PROBLEM. Please transcribe the entries that follow exactly as they stand, skipping each picture.

── SOURCE DATA

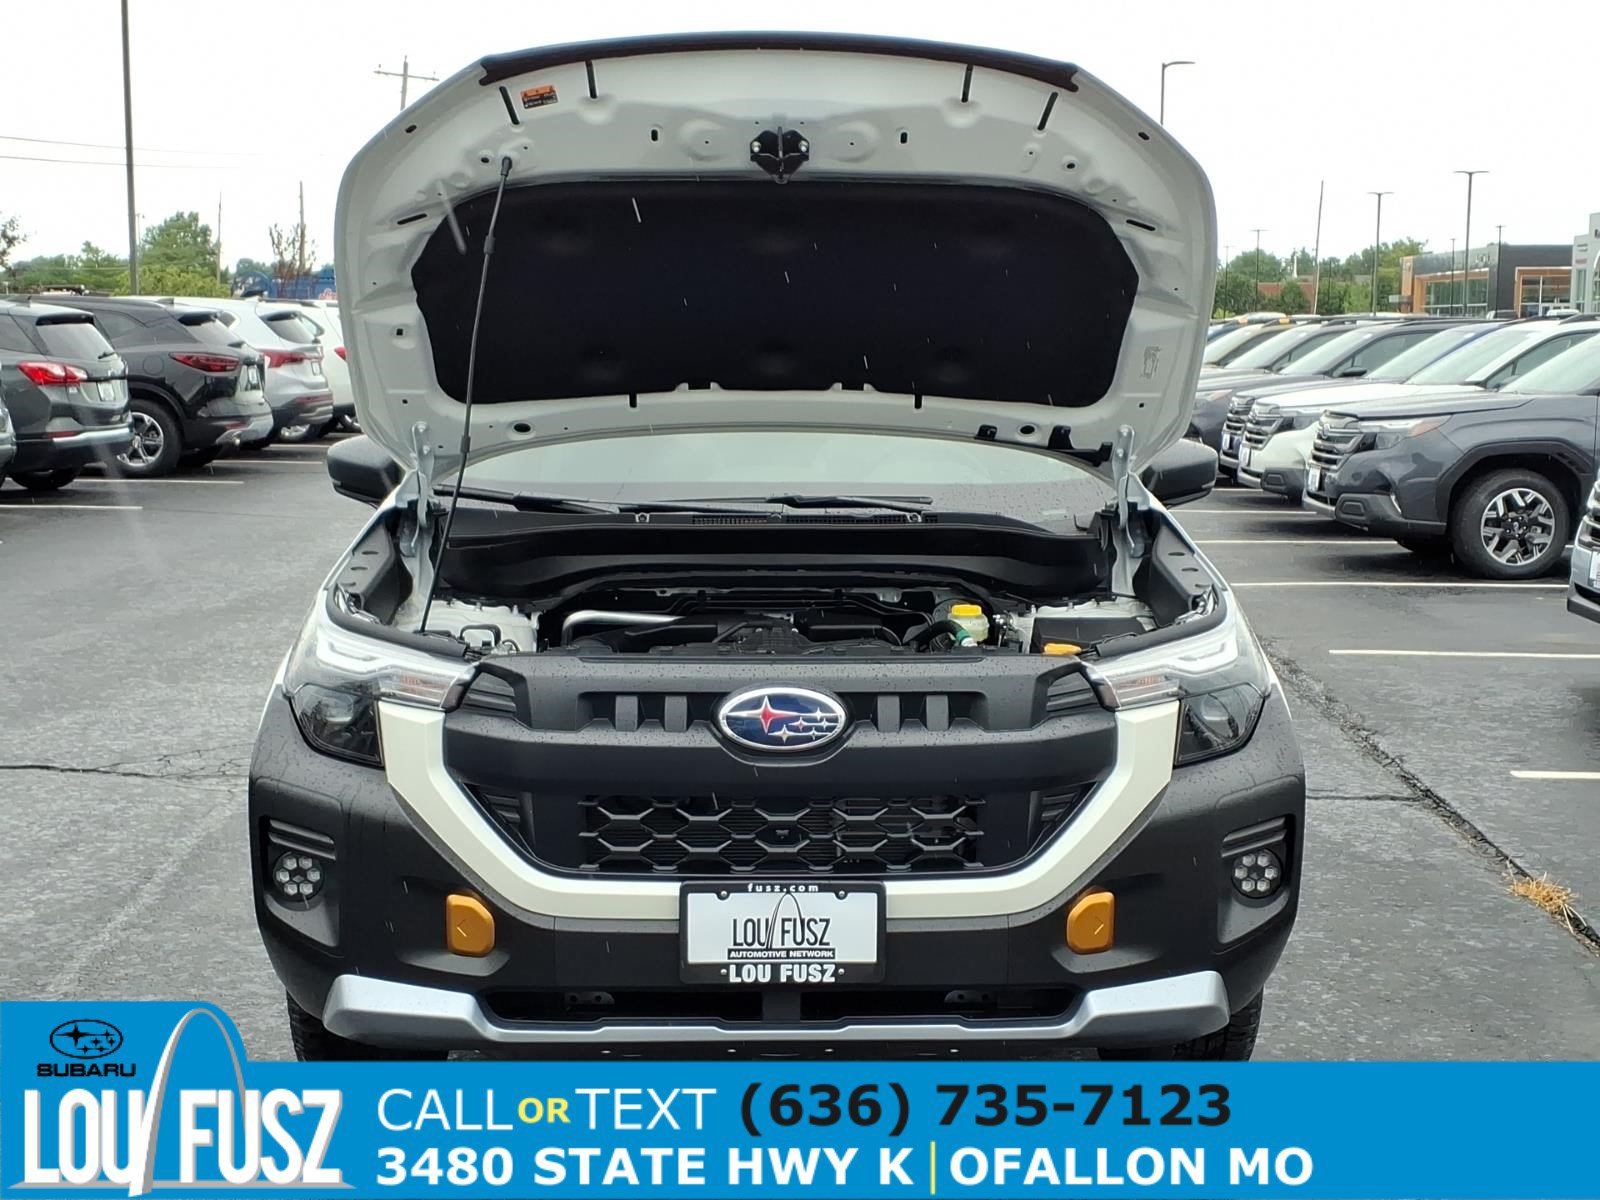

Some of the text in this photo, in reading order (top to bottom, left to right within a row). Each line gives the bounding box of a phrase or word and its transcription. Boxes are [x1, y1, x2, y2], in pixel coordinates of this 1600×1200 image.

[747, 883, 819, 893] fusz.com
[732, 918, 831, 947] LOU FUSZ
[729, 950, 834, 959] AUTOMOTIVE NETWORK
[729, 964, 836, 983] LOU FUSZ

────

WRITTEN ANSWER.
Some of the text in this photo, in reading order (top to bottom, left to right within a row). Each line gives the bounding box of a phrase or word and its transcription. Boxes are [x1, y1, x2, y2], in pixel coordinates of this 1600×1200 image.

[747, 883, 819, 893] fusz.com
[732, 918, 831, 947] LOU FUSZ
[729, 950, 834, 959] AUTOMOTIVE NETWORK
[729, 964, 836, 983] LOU FUSZ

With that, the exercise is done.